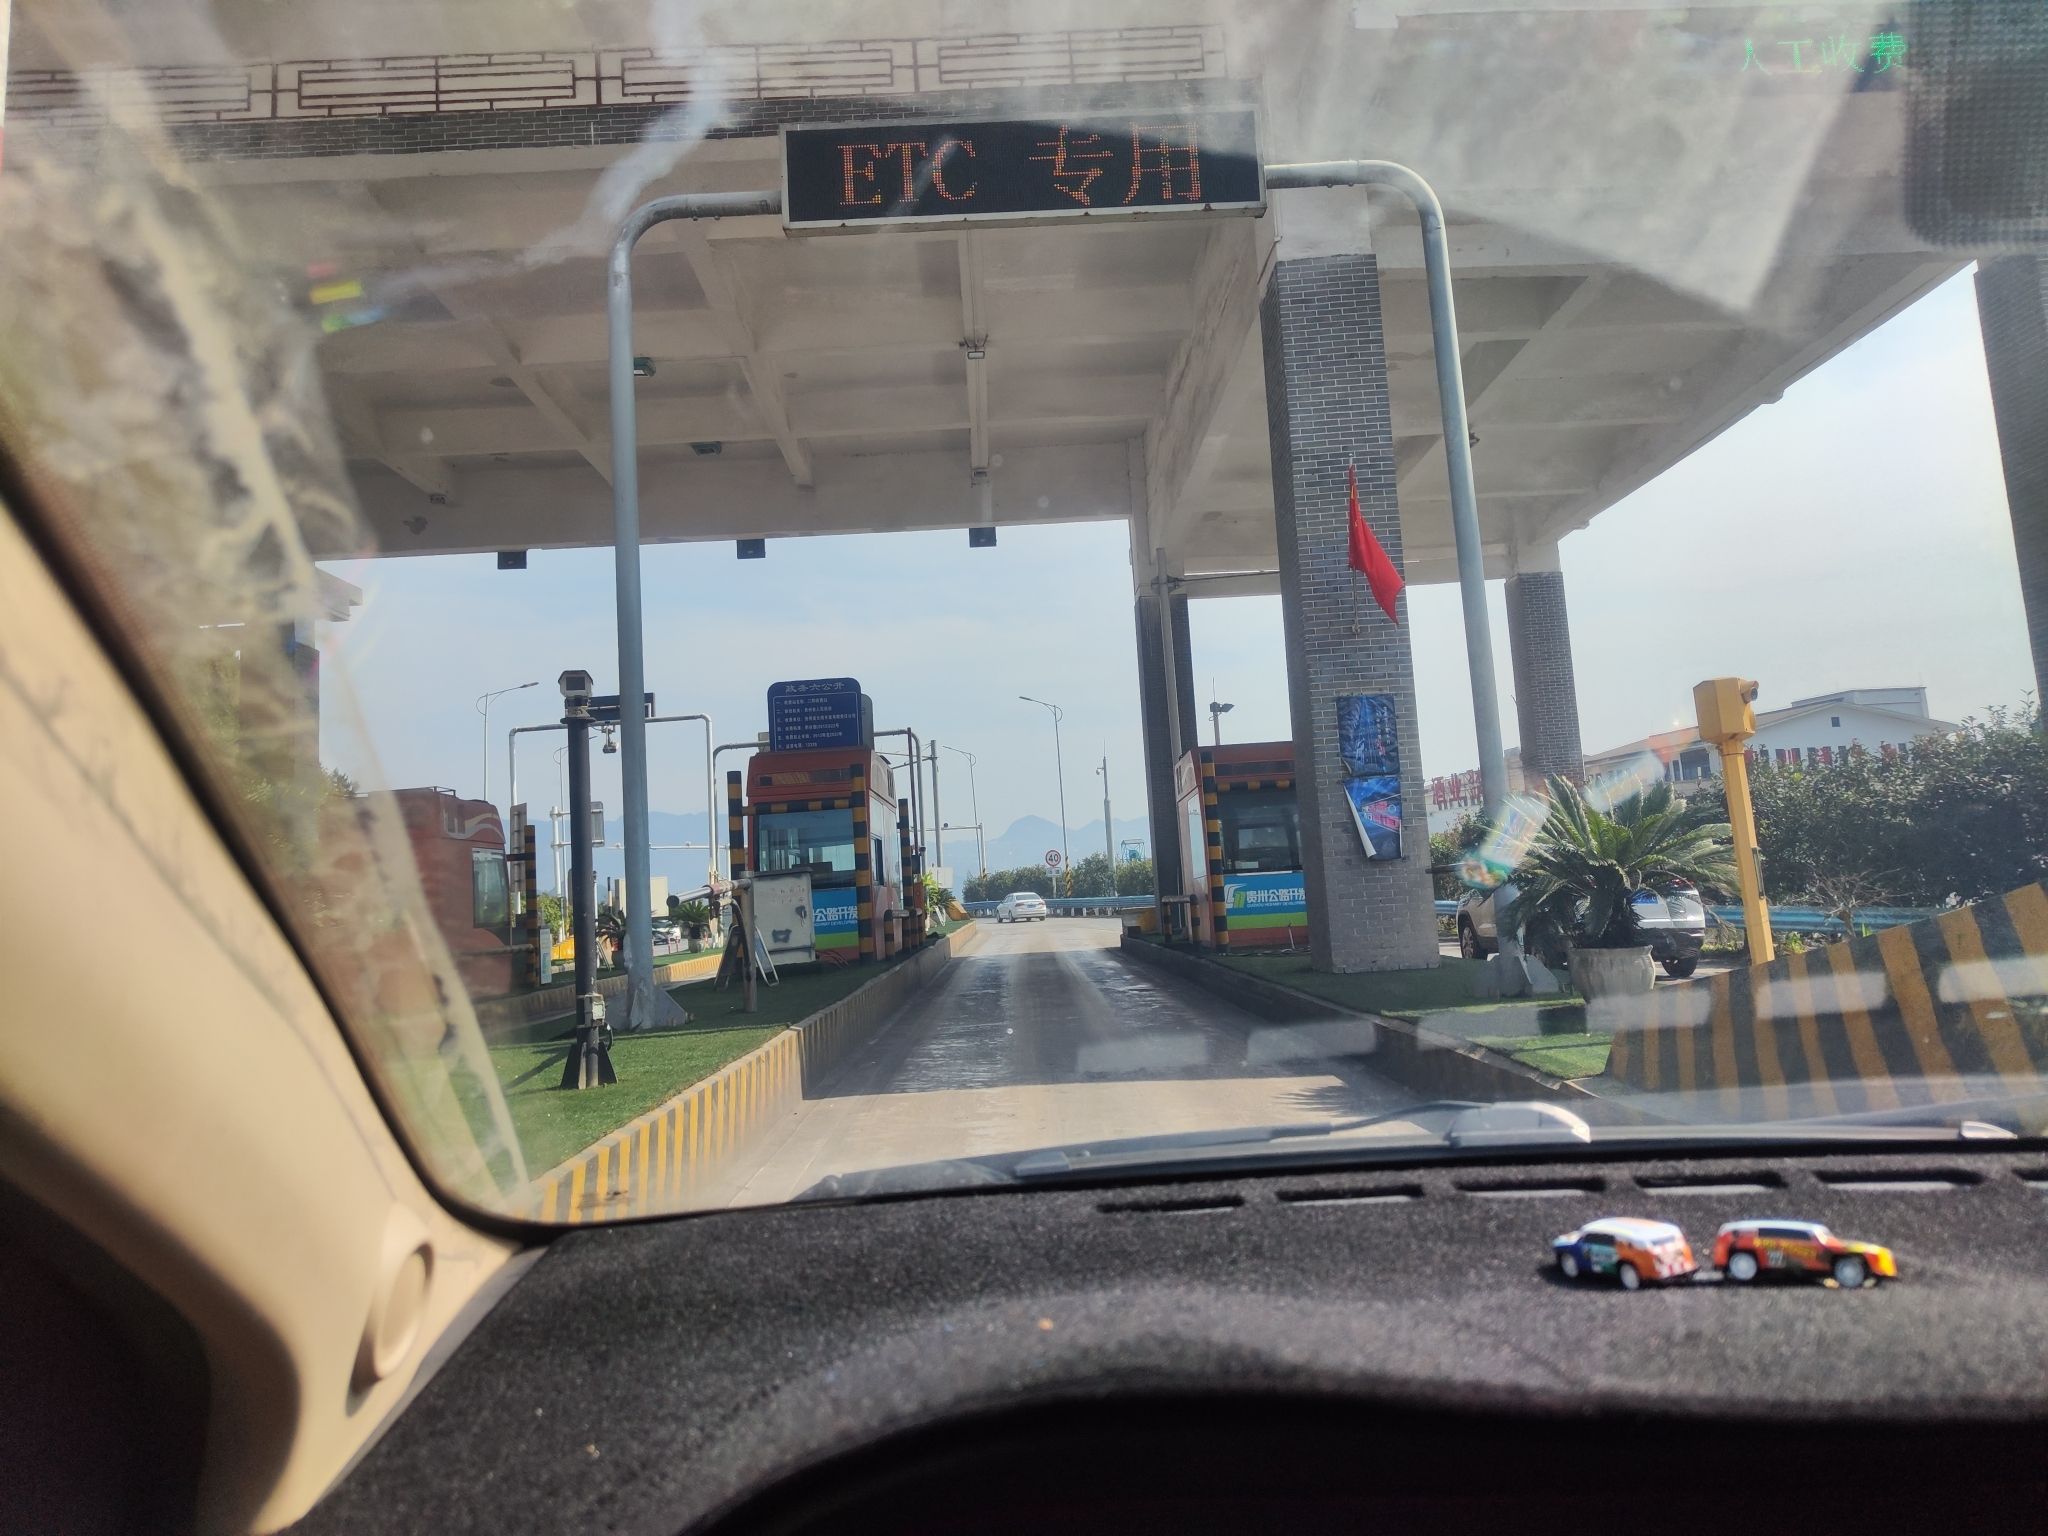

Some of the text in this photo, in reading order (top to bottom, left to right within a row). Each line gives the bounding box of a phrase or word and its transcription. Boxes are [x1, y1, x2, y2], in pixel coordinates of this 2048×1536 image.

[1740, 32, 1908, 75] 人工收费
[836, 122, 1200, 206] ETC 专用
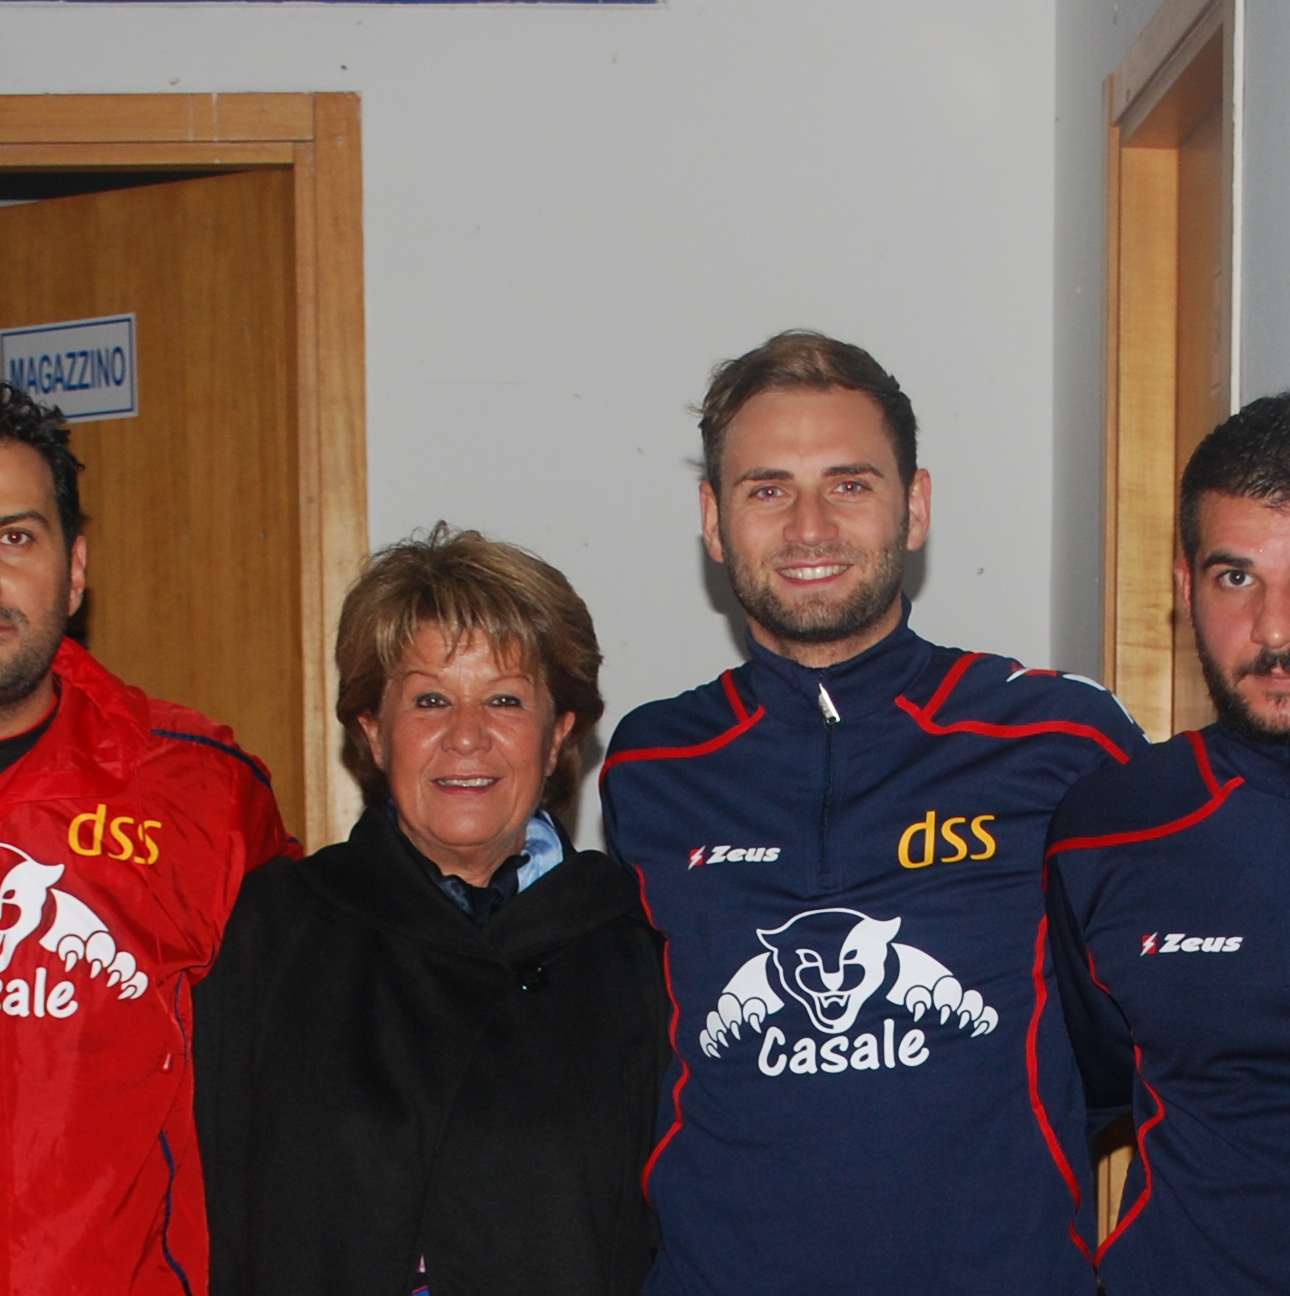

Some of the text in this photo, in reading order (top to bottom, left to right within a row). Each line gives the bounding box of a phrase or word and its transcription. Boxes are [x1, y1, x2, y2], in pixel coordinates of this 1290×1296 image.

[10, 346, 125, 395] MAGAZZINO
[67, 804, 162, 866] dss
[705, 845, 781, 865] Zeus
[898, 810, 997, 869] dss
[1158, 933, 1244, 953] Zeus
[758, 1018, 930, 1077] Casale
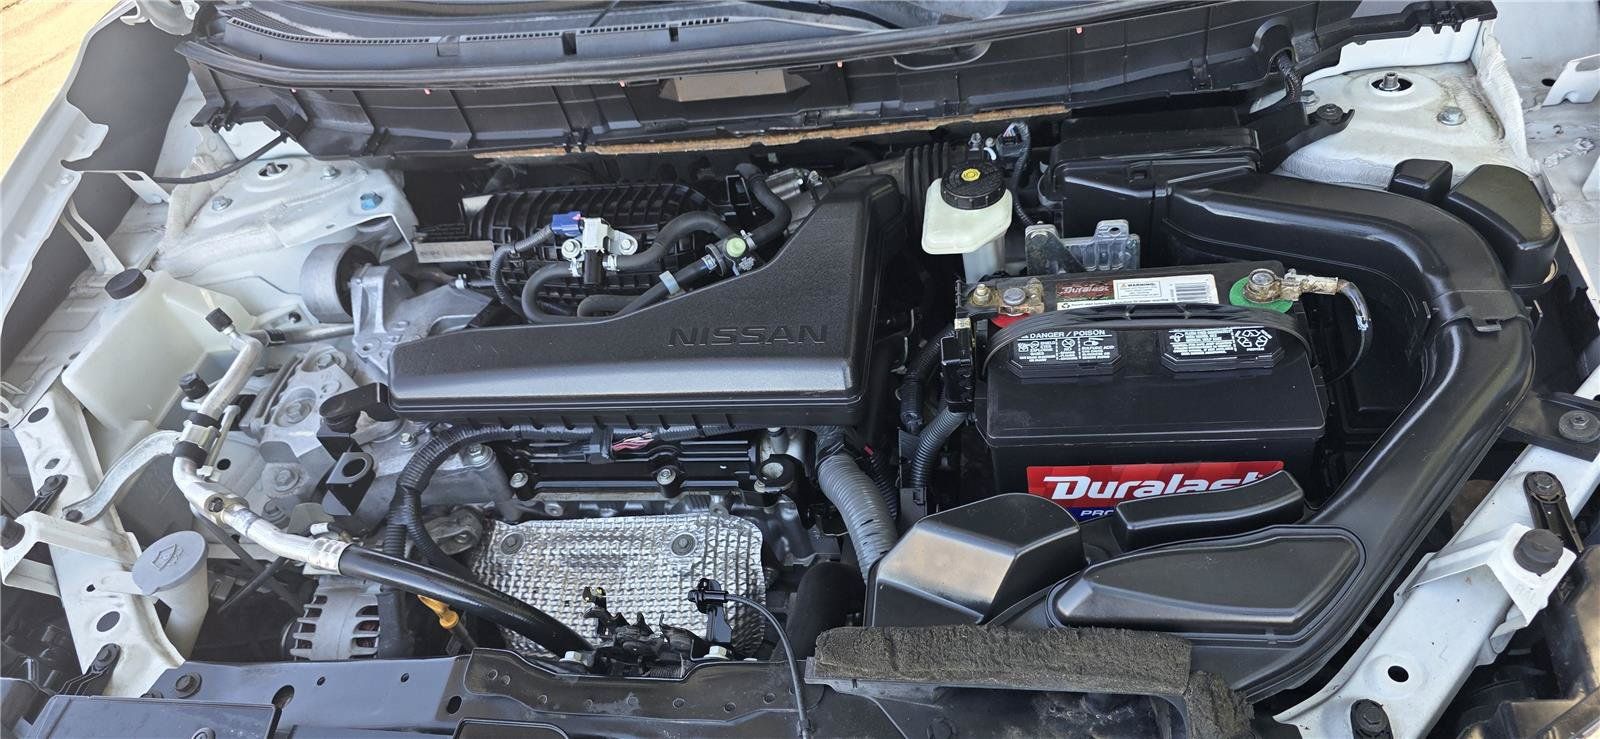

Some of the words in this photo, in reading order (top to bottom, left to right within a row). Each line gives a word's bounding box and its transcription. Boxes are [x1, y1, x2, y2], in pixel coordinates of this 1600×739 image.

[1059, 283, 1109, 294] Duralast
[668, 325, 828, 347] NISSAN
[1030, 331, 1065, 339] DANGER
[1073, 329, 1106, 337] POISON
━━━━━━━━━━━━━━━━
Problem requirements. Give an exact copy of the listing above that leaves out every picture.

Reply to the exercise.
Some of the text in this photo, in reading order (top to bottom, left to right within a row). Each line gives the bounding box of a phrase or word and its transcription. Boxes are [x1, y1, x2, y2], in pixel coordinates of this 2048×1536 image.

[1740, 32, 1908, 75] 人工收费
[836, 122, 1200, 206] ETC 专用

Some of the text in this photo, in reading order (top to bottom, left to right within a row). Each line gives the bounding box of a phrase or word and its transcription. Boxes are [x1, y1, x2, y2], in pixel coordinates of this 1290×1296 image.

[10, 346, 125, 395] MAGAZZINO
[67, 804, 162, 866] dss
[705, 845, 781, 865] Zeus
[898, 810, 997, 869] dss
[1158, 933, 1244, 953] Zeus
[758, 1018, 930, 1077] Casale

Some of the words in this photo, in reading order (top to bottom, left to right within a row). Each line gives a word's bounding box and its transcription. Boxes are [x1, y1, x2, y2], in pixel coordinates of this 1600×739 image.

[1059, 283, 1109, 294] Duralast
[668, 325, 828, 347] NISSAN
[1030, 331, 1065, 339] DANGER
[1073, 329, 1106, 337] POISON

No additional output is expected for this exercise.